Las actividad de la defensa estuvo siempre orientada a demostrar la inocencia de la acusada, sin embargo, no le permitieron ejercer el derecho de contradicción en la audiencia pública en relación con los testimonios que la fiscalía introdujo a lo largo de la investigación, entre ellos, los del denunciante MIGUEL FRANCISCO ZORNOSA PRIETO, en condición de apoderado de la empresa, el Gerente de la empresa JUAN FERNANDO RIBERO TRUJILLO, y la jefe de recursos humanos SONIA BEATRIZ ORJUELA CORTÉS, quienes informan de los hechos.

Sostiene que las citas jurisprudenciales de los juzgadores tienen una interpretación distinta de la que pretende dársele, “porque la acreditación con una simple fotocopias (sic) que se allegaron al expediente no tiene el carácter de prueba como lo establece (sic) los delitos contra la fe pública”, y una fotocopia “solo transmite una imagen, una fotografía a un documento público que se le quiere dar la apariencia de genuino y son aparentes formalidades que no llevan en sí a la consumación del comportamiento falsario”.

Además, “no hubieran surtido efectos legales debido a la ausencia del original tanto de la tarjeta profesional No.64647-T de contadora pública como de la constancia de inscripción y antecedentes disciplinarios No.0009295, ya que no carecieron de la idoneidad para ingresar al tráfico jurídico y sustentar como ciertas sin serlo, que si bien existen unos intereses particulares en querer reflejar dichos documentos como verdaderos, no cumplieron con la finalidad para la cual fueron destinados o dirigidos por lo que con esa prueba no atestan hechos con significación jurídica, es decir por los documentos en fotocopias simples al expediente no se le pueda dar la valoración jurídica de todos los visos de tratarse de un texto auténtico”.

Afirma que de no haberse incurrido en los “errores de tipo, configuración y alcance de los que se denuncian en los acápites precedentes”, el fallo habría sido distinto y opuesto al de los juzgadores, y pide declarar la nulidad a partir de la declaratoria de persona ausente de la señora BLANCA JAZMÍN BECERRA SEGURA, con el fin de ampararle las garantías fundamentales.
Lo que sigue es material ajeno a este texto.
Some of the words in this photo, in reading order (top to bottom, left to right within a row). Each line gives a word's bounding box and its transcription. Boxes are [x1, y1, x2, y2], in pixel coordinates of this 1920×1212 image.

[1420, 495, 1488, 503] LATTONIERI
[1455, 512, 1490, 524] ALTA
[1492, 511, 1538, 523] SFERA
Violación indirecta Sostiene que los juzgadores incurrieron en errores de identidad porque al apreciar los testimonios de cargo distorsionaron su expresión material, y en errores de existencia por omisión porque descartaron pruebas allegadas válidamente al proceso. En la labor de sustentación de la censura, afirma que el precario poder persuasivo de la prueba de cargo impedía arribar a una declaración de certeza sobre la responsabilidad de la procesada en los hechos, y que los juzgadores, por tanto, al condenar, incurrieron en la infracción denunciada, por falta de aplicación del artículo 7° del Código de Procedimiento Penal, que ordena resolver toda duda a favor del procesado.

Explica que el error de existencia por omisión se presentó “cuando el juzgador ignoró la prueba, no valoró el testimonio y la forma como planteó la procesada su defensa material, que debió ser objeto de análisis”, y que de no haberse pasado por alto la obligación de valorar el material probatorio en conjunto la conclusión habría sido distinta, porque no se probó vínculo alguno de la acusada con la falsedad, ni que hubiera determinado a un extraño para que materializara la conducta.
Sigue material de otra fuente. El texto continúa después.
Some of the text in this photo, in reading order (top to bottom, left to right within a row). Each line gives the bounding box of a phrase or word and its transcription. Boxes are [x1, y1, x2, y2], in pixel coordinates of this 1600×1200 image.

Sustentado en estas consideraciones, solicita a la Corte casar la sentencia impugnada y decretar la nulidad de lo actuado a partir de la declaratoria de persona ausente de la procesada, o en su defecto, acoger la petición subsidiaria y dictar fallo absolutorio. SE CONSIDERA La Corte inadmitirá la demanda de casación que se estudia por no cumplir los requisitos mínimos de orden formal requeridos para su estudio de fondo, ni reunir los presupuestos básicos de idoneidad sustancial necesarios para la realización de los fines del recurso.

Separadamente analizará cada uno de los cargos. Nulidad La Corte tiene dicho que los errores susceptibles de ser propuestos en casación se agrupan en dos categorías, (i) in iudicando, llamados también de juicio, que implican el desconocimiento de una norma de derecho sustancial por falta de aplicación, aplicación indebida o interpretación errónea, y (ii) in procedendo, llamados también de actividad, que presuponen el desconocimiento de una norma de procedimiento o de una garantía procesal.
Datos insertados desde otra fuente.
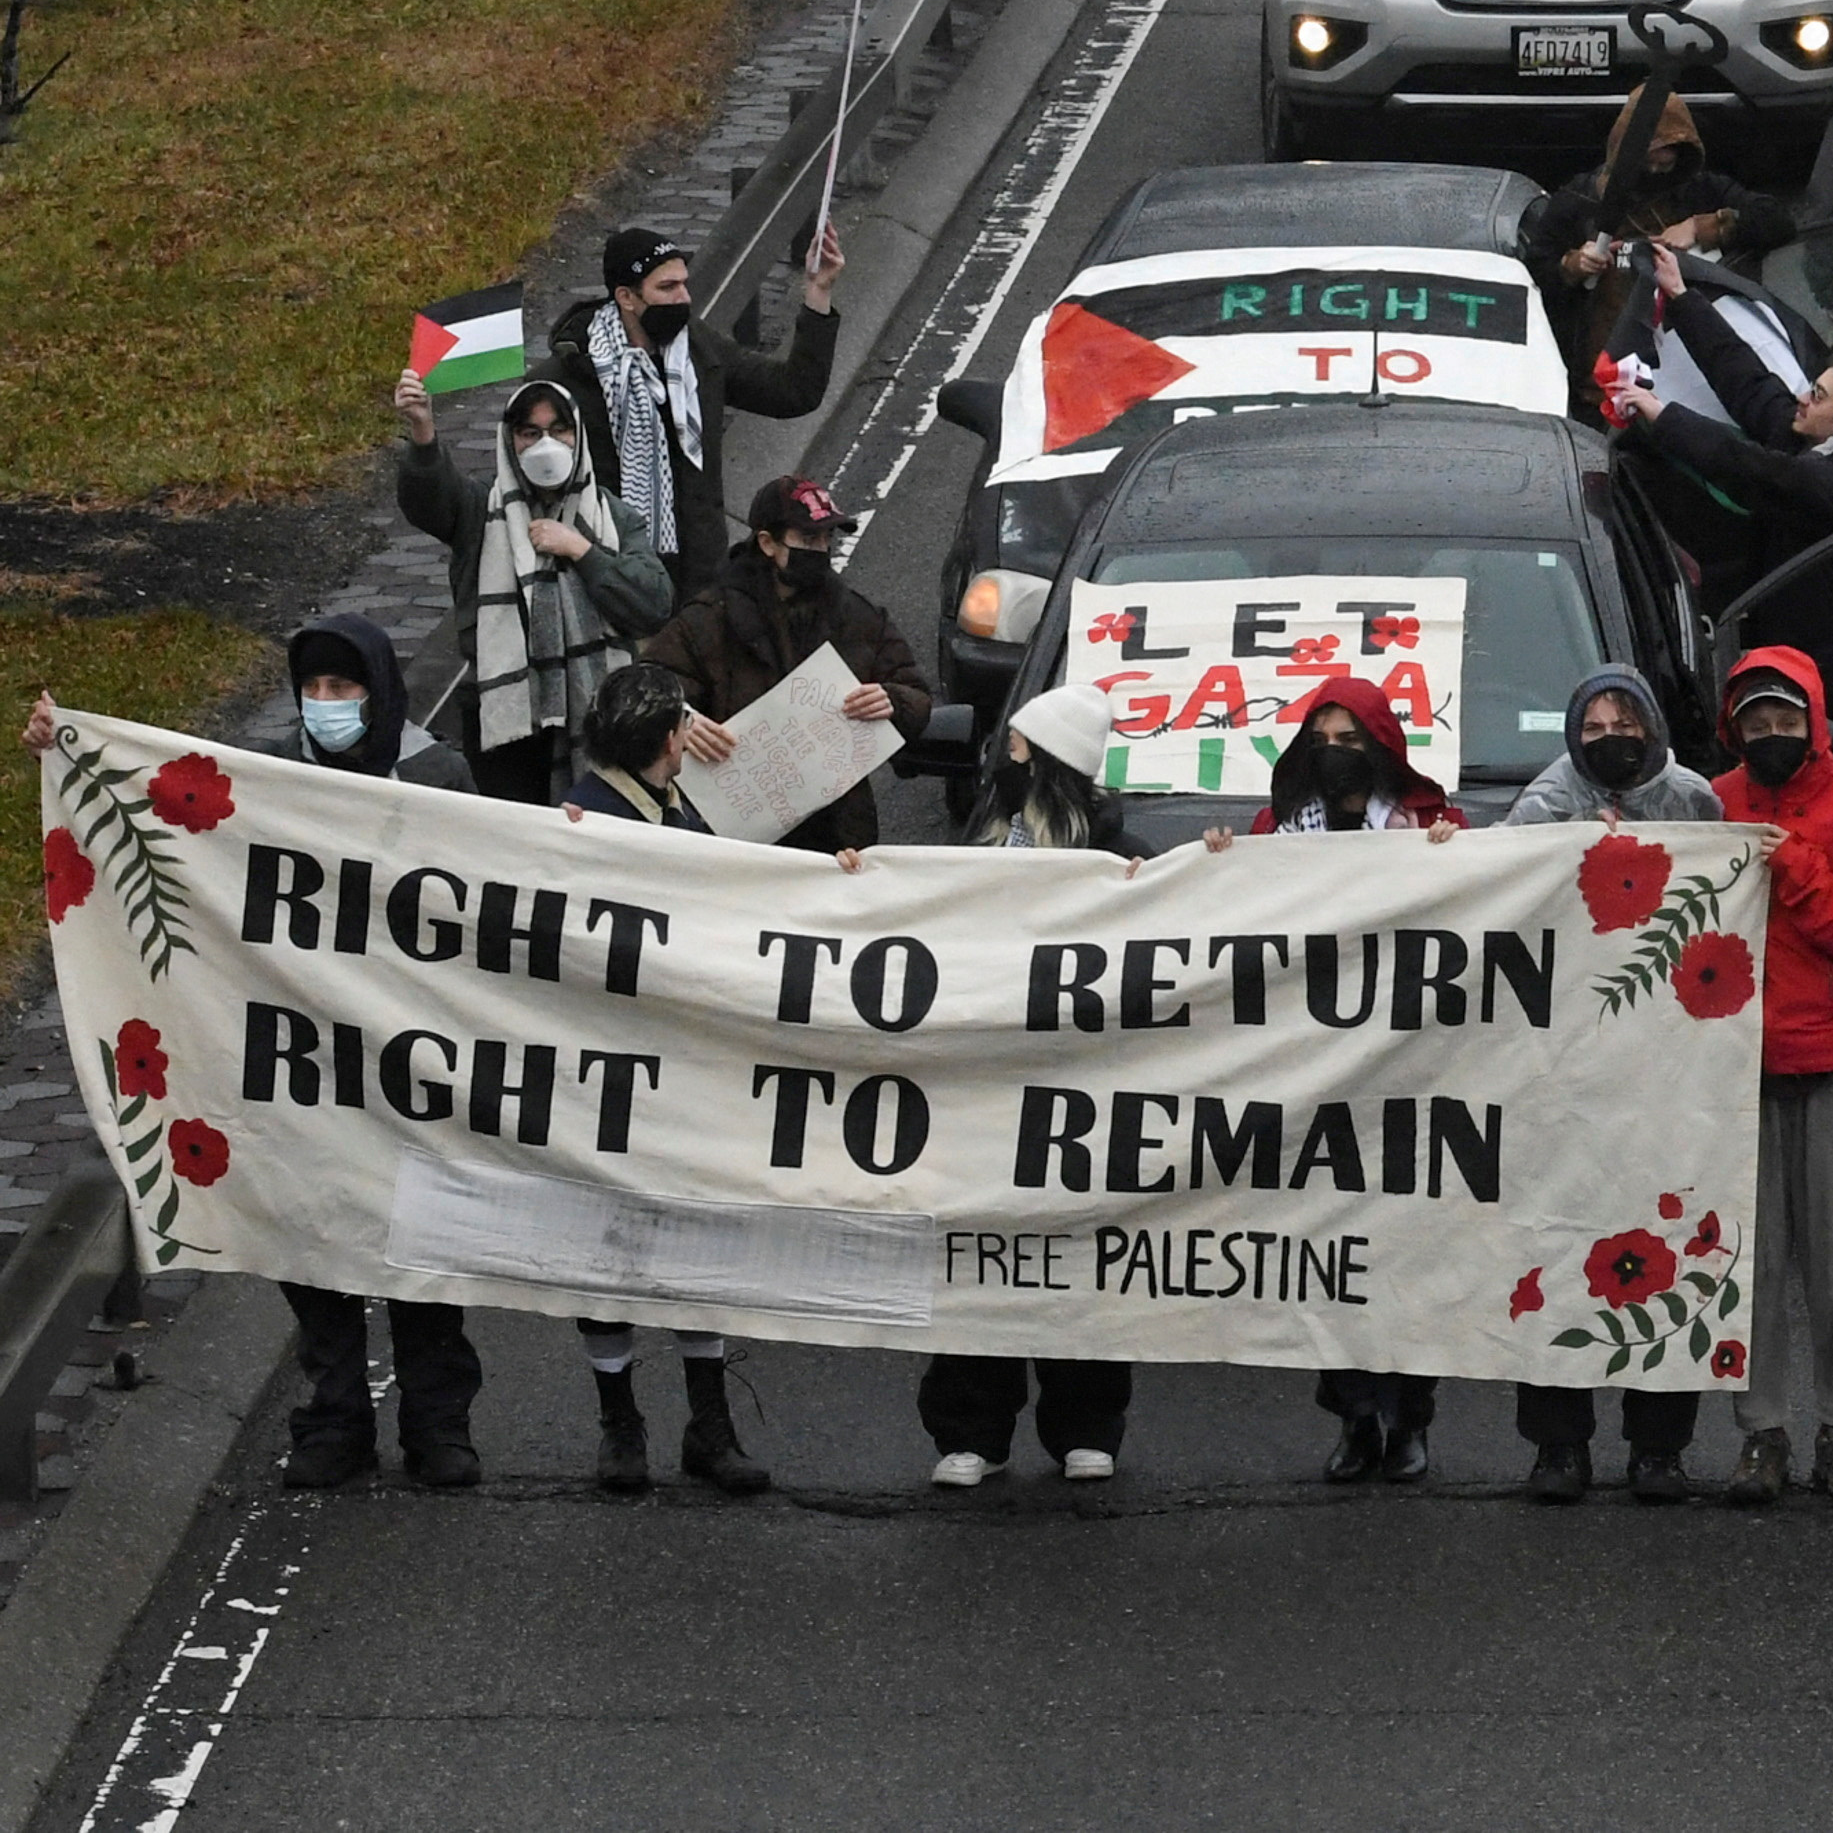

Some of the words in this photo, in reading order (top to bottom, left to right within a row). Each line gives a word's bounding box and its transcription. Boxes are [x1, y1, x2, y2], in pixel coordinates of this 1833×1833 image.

Los errores in iudicando pueden ser directos o indirectos. Son directos, cuando se presentan en el ámbito del raciocinio puramente jurídico, e indirectos cuando se originan en la apreciación de las pruebas, clasificación que ha dado lugar a las nociones de violación directa e indirecta de la ley sustancial, como formas de infracción. Todos estos errores se hallan previstos como causales de casación en el artículo 207 de la Ley 600 de 2000.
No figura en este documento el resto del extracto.